EXERCISE GOAL: Quote every line of the data below as it stands, omitting pictures.

#### INPUT FOR THIS TASK ####

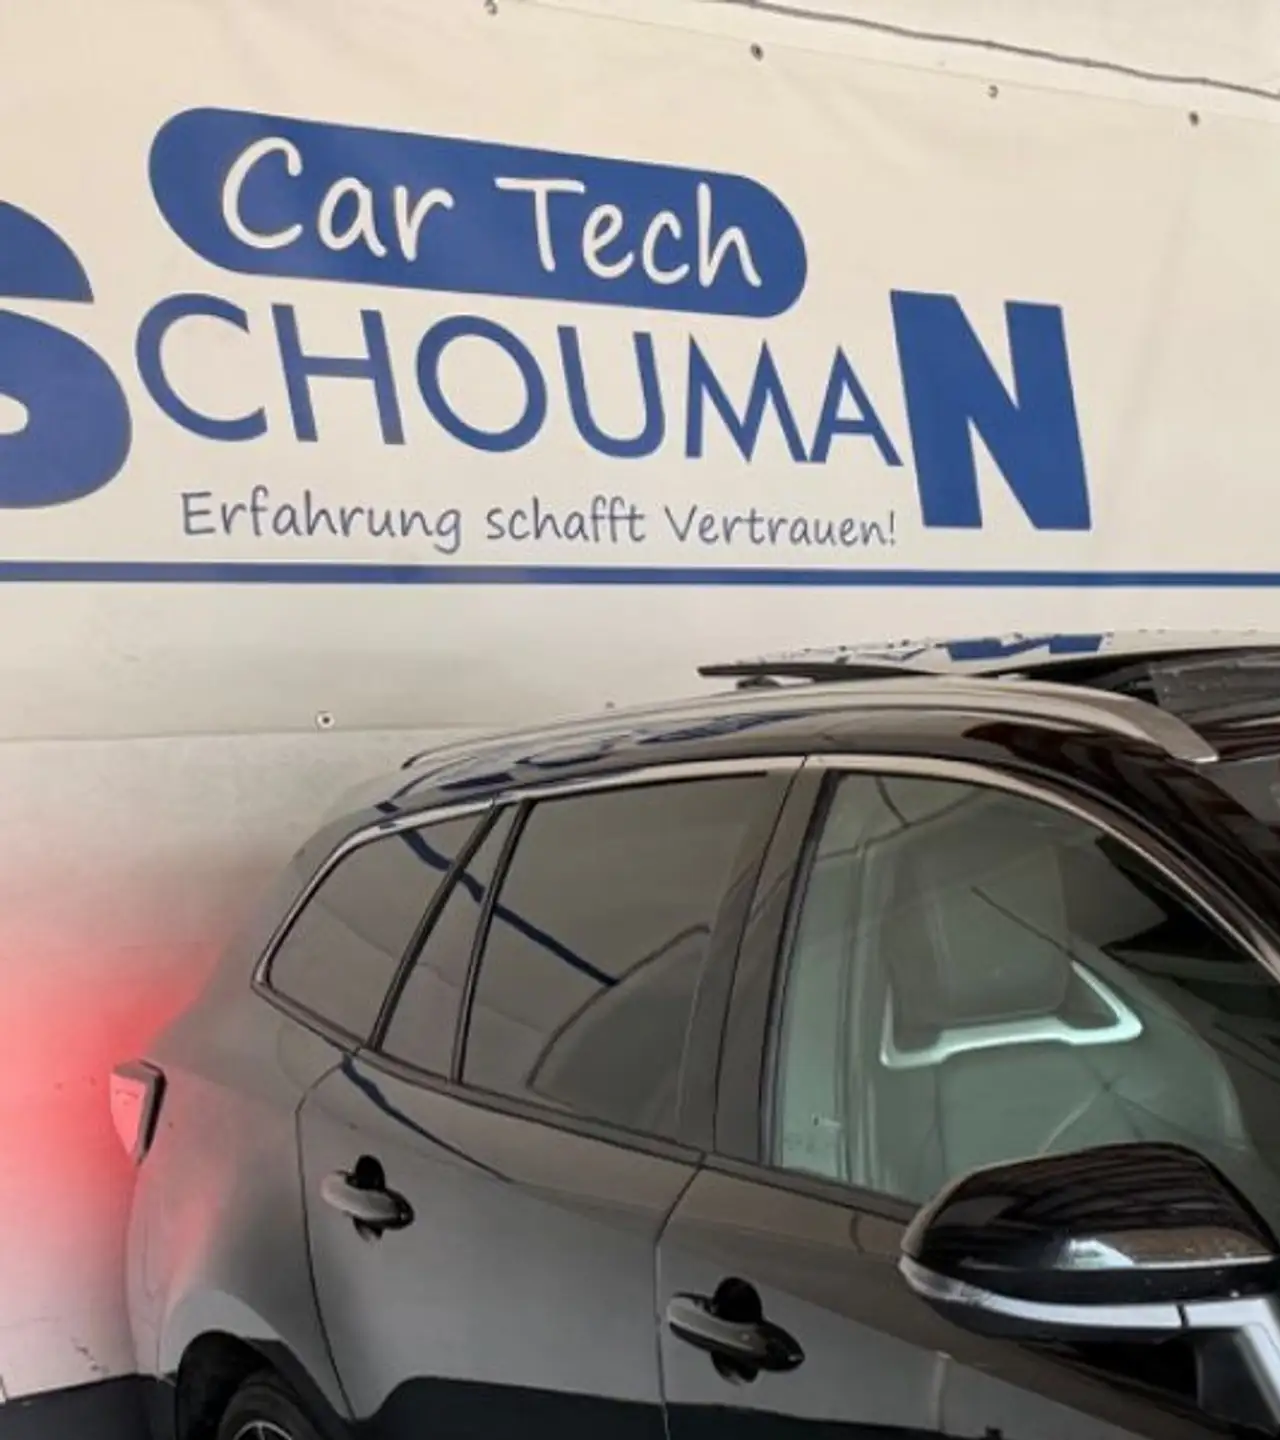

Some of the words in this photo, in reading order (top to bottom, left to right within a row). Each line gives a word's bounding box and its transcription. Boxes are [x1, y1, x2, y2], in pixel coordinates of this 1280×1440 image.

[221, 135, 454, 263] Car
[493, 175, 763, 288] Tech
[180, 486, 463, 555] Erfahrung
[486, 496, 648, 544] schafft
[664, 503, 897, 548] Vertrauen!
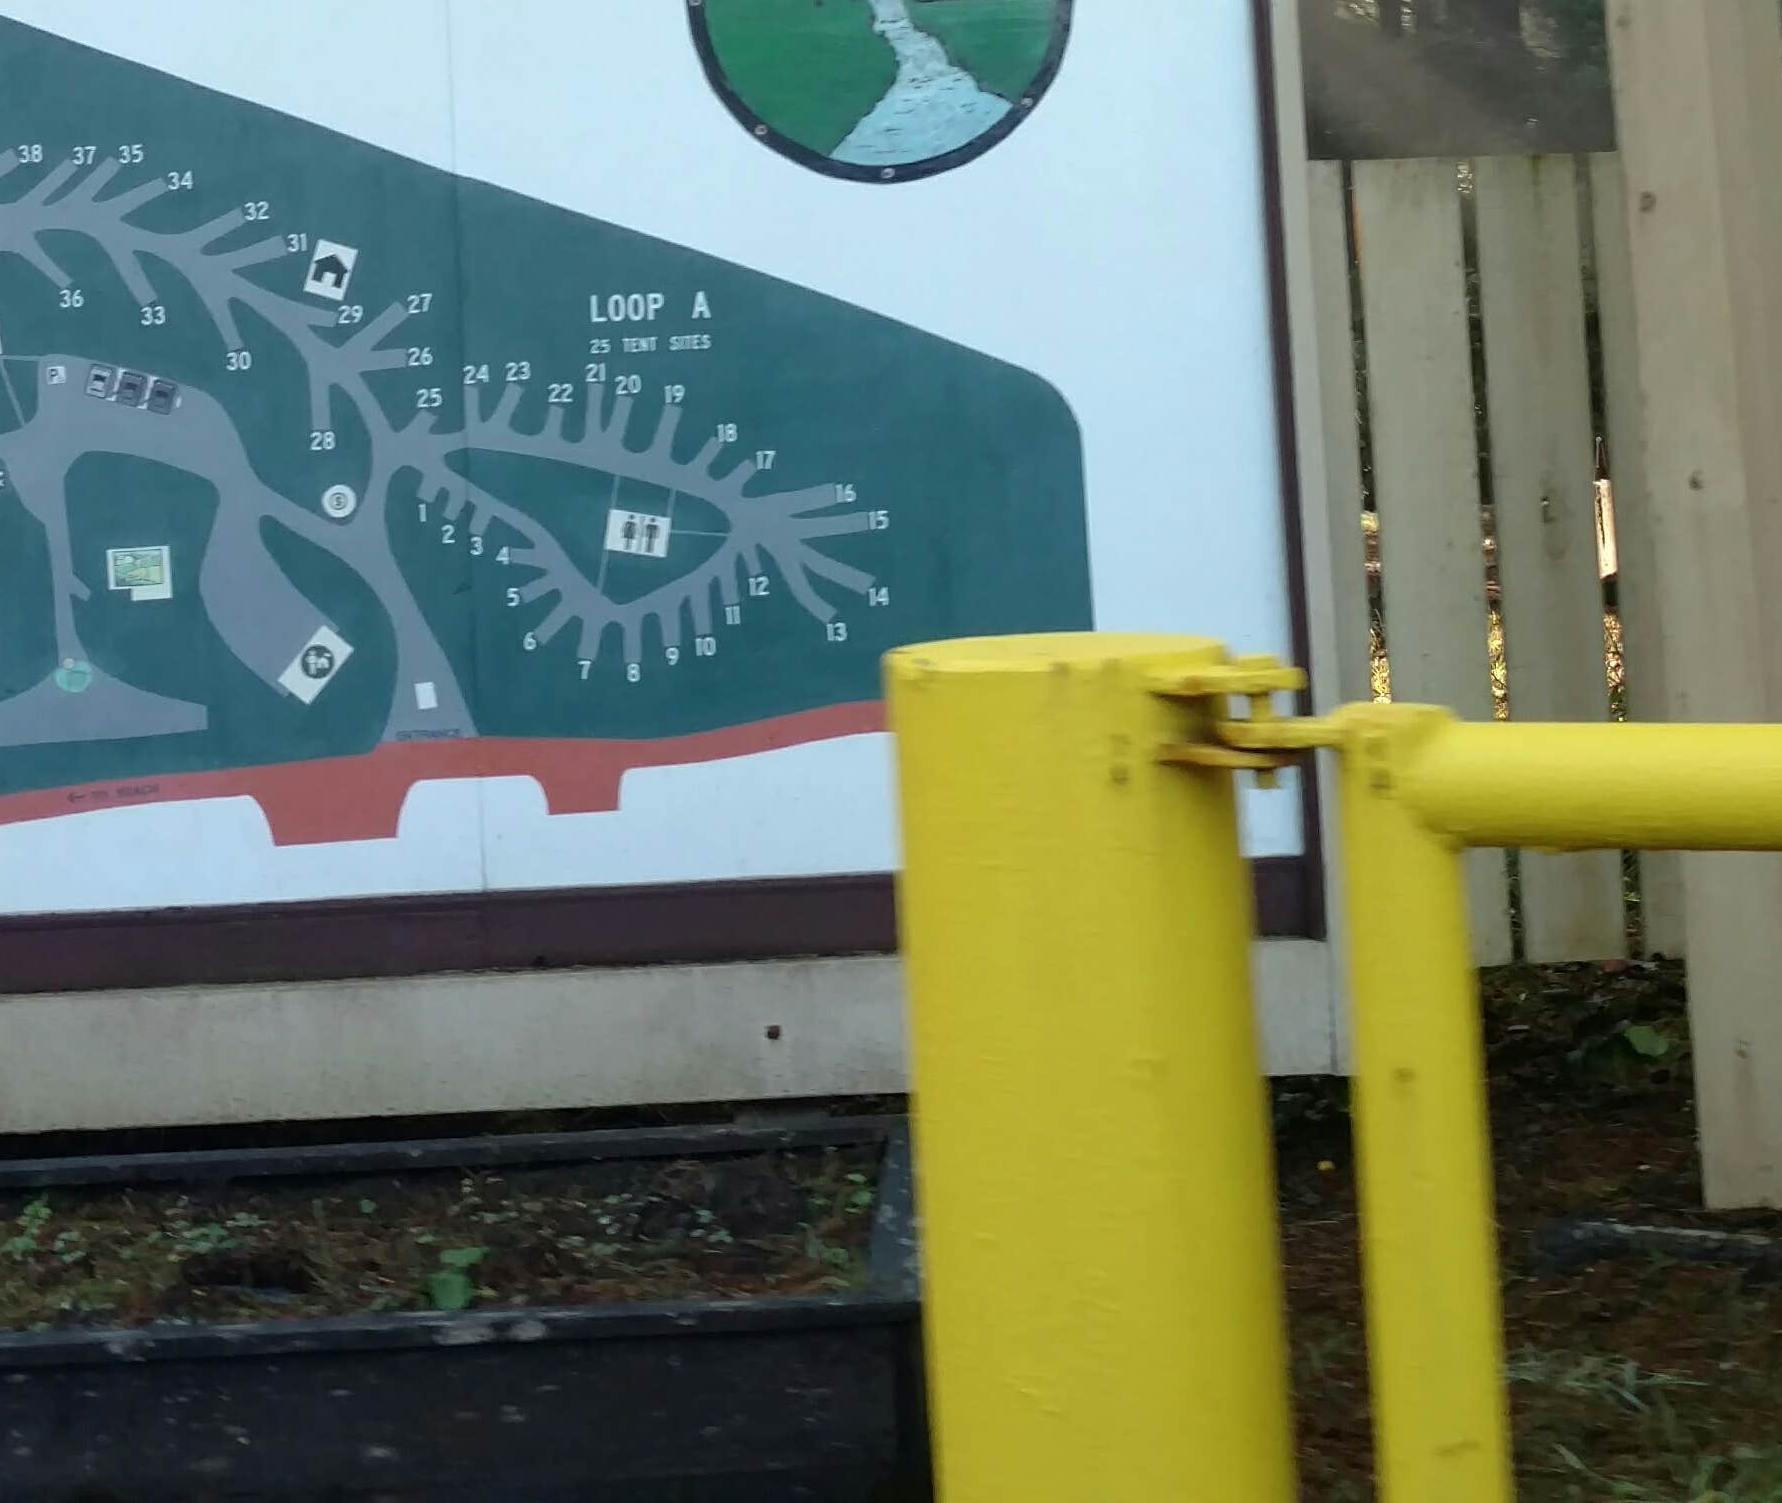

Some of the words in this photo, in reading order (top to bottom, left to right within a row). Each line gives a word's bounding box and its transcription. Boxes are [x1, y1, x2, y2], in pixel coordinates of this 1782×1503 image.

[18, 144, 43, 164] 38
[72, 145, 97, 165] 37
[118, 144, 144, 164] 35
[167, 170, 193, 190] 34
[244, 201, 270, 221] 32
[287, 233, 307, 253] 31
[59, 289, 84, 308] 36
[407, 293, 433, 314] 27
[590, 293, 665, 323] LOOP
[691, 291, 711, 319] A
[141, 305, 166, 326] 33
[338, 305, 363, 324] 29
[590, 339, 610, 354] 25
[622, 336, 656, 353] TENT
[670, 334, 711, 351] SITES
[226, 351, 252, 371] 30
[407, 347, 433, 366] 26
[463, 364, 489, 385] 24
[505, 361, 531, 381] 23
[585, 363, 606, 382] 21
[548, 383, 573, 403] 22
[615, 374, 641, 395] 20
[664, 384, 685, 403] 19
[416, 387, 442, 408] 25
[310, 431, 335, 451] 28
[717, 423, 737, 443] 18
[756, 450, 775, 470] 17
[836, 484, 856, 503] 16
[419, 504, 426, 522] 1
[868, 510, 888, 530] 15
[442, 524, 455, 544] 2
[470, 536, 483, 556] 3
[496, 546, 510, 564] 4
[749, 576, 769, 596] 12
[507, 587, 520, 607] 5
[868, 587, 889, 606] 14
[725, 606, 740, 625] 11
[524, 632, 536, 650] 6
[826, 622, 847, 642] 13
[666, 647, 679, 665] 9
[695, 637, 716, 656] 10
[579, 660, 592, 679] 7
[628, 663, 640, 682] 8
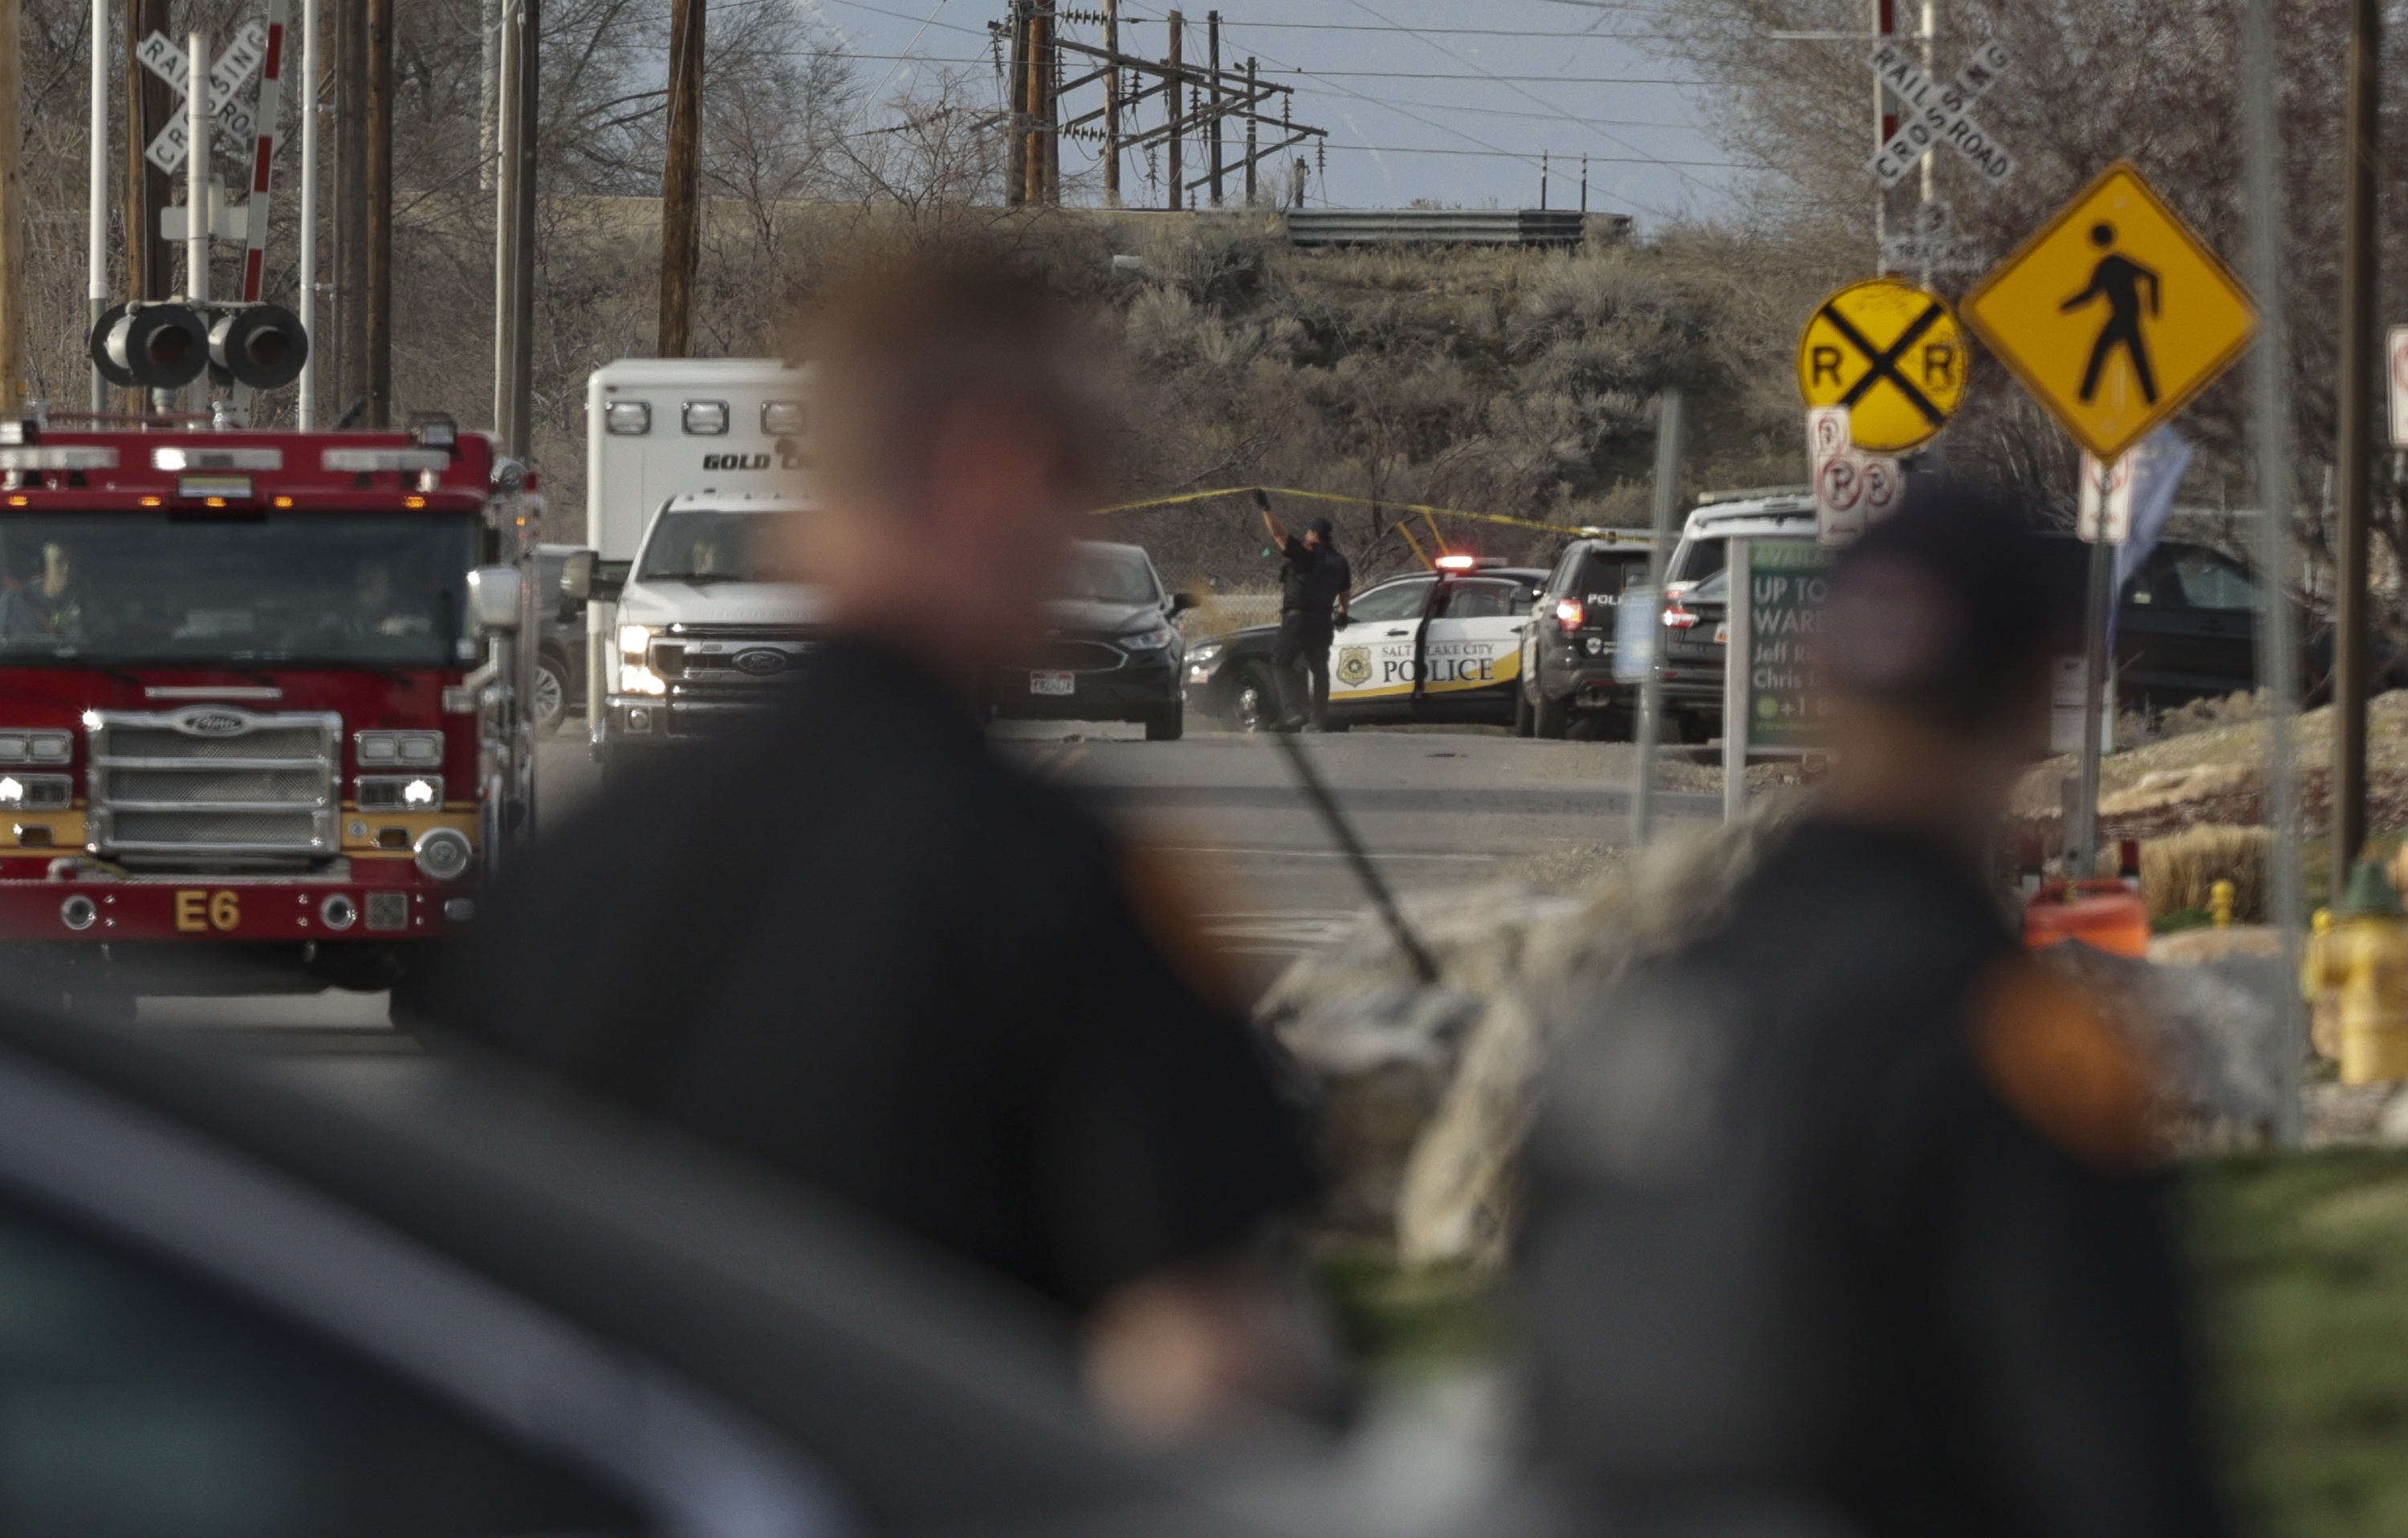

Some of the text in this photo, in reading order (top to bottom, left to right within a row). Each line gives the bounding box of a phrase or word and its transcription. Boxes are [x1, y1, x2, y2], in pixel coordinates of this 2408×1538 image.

####

RESULT FOR THIS TASK:
Some of the words in this photo, in reading order (top to bottom, left to right within a row). Each line gives a word's bounding box and its transcription. Boxes are [x1, y1, x2, y2], in pixel coordinates of this 1280×1440 image.

[221, 135, 454, 263] Car
[493, 175, 763, 288] Tech
[180, 486, 463, 555] Erfahrung
[486, 496, 648, 544] schafft
[664, 503, 897, 548] Vertrauen!

Some of the words in this photo, in reading order (top to bottom, left to right within a row). Each line gives a word's bounding box and its transcription. Boxes are [x1, y1, x2, y2], in pixel coordinates of this 1782×1503 image.

[18, 144, 43, 164] 38
[72, 145, 97, 165] 37
[118, 144, 144, 164] 35
[167, 170, 193, 190] 34
[244, 201, 270, 221] 32
[287, 233, 307, 253] 31
[59, 289, 84, 308] 36
[407, 293, 433, 314] 27
[590, 293, 665, 323] LOOP
[691, 291, 711, 319] A
[141, 305, 166, 326] 33
[338, 305, 363, 324] 29
[590, 339, 610, 354] 25
[622, 336, 656, 353] TENT
[670, 334, 711, 351] SITES
[226, 351, 252, 371] 30
[407, 347, 433, 366] 26
[463, 364, 489, 385] 24
[505, 361, 531, 381] 23
[585, 363, 606, 382] 21
[548, 383, 573, 403] 22
[615, 374, 641, 395] 20
[664, 384, 685, 403] 19
[416, 387, 442, 408] 25
[310, 431, 335, 451] 28
[717, 423, 737, 443] 18
[756, 450, 775, 470] 17
[836, 484, 856, 503] 16
[419, 504, 426, 522] 1
[868, 510, 888, 530] 15
[442, 524, 455, 544] 2
[470, 536, 483, 556] 3
[496, 546, 510, 564] 4
[749, 576, 769, 596] 12
[507, 587, 520, 607] 5
[868, 587, 889, 606] 14
[725, 606, 740, 625] 11
[524, 632, 536, 650] 6
[826, 622, 847, 642] 13
[666, 647, 679, 665] 9
[695, 637, 716, 656] 10
[579, 660, 592, 679] 7
[628, 663, 640, 682] 8

Some of the text in this photo, in reading order (top to bottom, left to right within a row). Each line gives the bounding box of a phrase or word and its transcription. Boxes are [x1, y1, x2, y2], in pixel coordinates of this 2408×1538 image.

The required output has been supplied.